Je suis émerveillée ! Je me souviens qu’il y a quelques années, on m’a envoyé cette vidéo virale sur les « endroits à visiter absolument » et ces incroyables collines aux couleurs de l’arc-en-ciel du Danxia Landform Park figuraient parmi les images. Cette image m’a toujours marqué.

J’ai franchi des cols élevés dans l’Himalaya indien, j’ai parcouru la ligne de partage des eaux au Canada, j’ai escaladé le canyon de Kings en Australie, mais tout cela n’est rien en comparaison de ces collines aux couleurs de Crayola, qui semblent presque avoir été retouchées.

Des collines colorées comme des peintures Crayola

Ces collines sont situées à une courte distance en avion de Xian ou de Pékin, plus trois heures de route. J’ai été étonné d’apprendre que ce site est une découverte relativement récente… du moins pour le grand public. Je suis sûr que les caravanes qui passaient par ce passage infâme connu sous le nom de Route de la Soie connaissaient son existence mais gardaient égoïstement le secret pour elles-mêmes.

Un joyau caché de la Route de la Soie

Il était difficile de décider si j’étais sur ou hors des sentiers battus. Des milliers et des milliers d’étrangers et de locaux étaient déjà venus ici, mais il n’y avait presque personne en vue. Je me trouvais dans la Chine lointaine, sur un chemin vieux de 2 000 ans, la légendaire route de la soie, un sentier dont nous avons tous entendu parler, reliant l’est et l’ouest, traversant les religions, les langues, les montagnes et les continents. Ce n’était pas un sentier battu, au sens touristique du terme, bien au contraire. Aujourd’hui, la Grande Muraille de Chine est une destination qui sort des sentiers battus… n’est-ce pas ?

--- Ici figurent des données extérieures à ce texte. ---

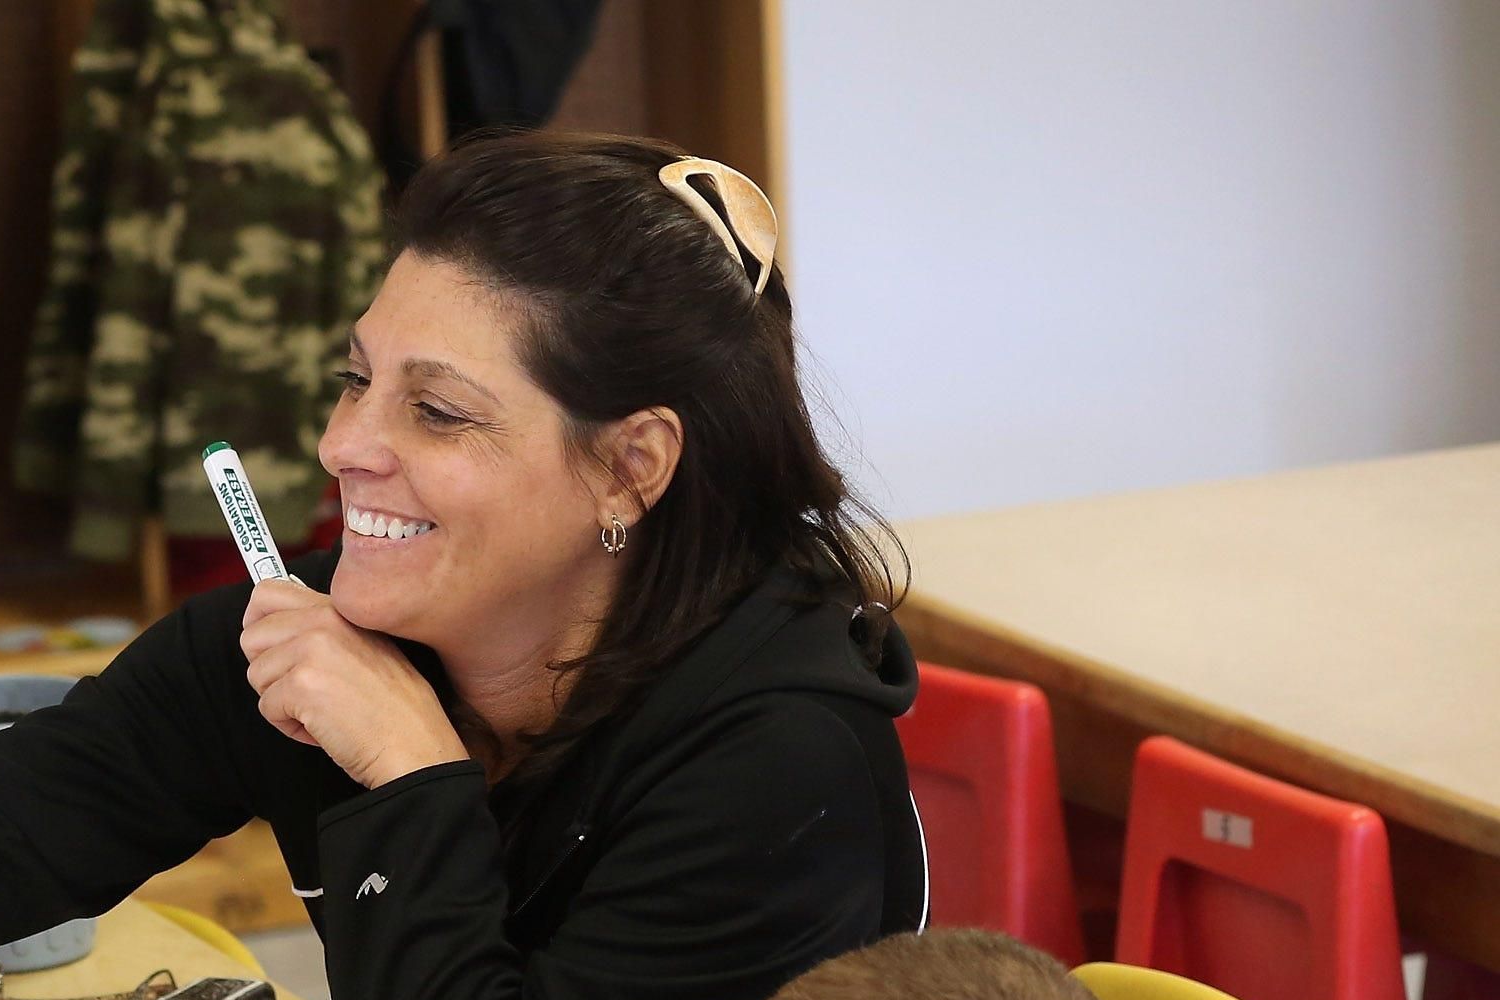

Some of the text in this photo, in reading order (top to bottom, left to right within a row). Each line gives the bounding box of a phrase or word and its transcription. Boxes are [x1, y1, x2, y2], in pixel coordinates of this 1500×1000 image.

Un trésor caché dans le désert: Ma découverte de la Grande Muraille

Après avoir beaucoup voyagé en Asie pendant des années, je n’avais étonnamment jamais vu la Grande Muraille de Chine, que de nombreuses personnes découvrent pour la première fois lors d’un voyage en Orient, alors quand l’occasion s’est présentée de voir la légendaire muraille, je l’ai saisie. Cependant, la plupart des voyageurs font une excursion d’une journée à partir de Pékin vers l’un des nombreux sites où l’on peut voir la Muraille. Il n’y a rien de mal à cela, mais ces sites sont réputés pour être bondés et touristiques, mais il est évident qu’ils sont populaires pour une raison. En fait, j’ai pris l’avion pour la ville de Jinchang, un endroit que peu de gens pourraient indiquer sur une carte, dans le centre-nord de la Chine, à la lisière du vaste désert de Gobi, et c’est là que j’ai vu pour la première fois l’ancienne Grande Muraille. Pas de billets, pas de files d’attente, pas de boutiques de souvenirs, juste une Grande Muraille avec un arrière-plan désertique spectaculaire. J’ai su à ce moment-là que j’étais vraiment hors des sentiers battus. C’était le début de mon voyage le long de la section chinoise de la route de la soie, mais je n’oublierai jamais cette première impression, entourée du désert de Gobi et de la chaîne de montagnes Kunlun, enneigée tout au long de l’année. C’était une sensation surréaliste de voir des montagnes enneigées à côté d’un désert sec et chaud, j’avais l’impression d’être sur une autre planète.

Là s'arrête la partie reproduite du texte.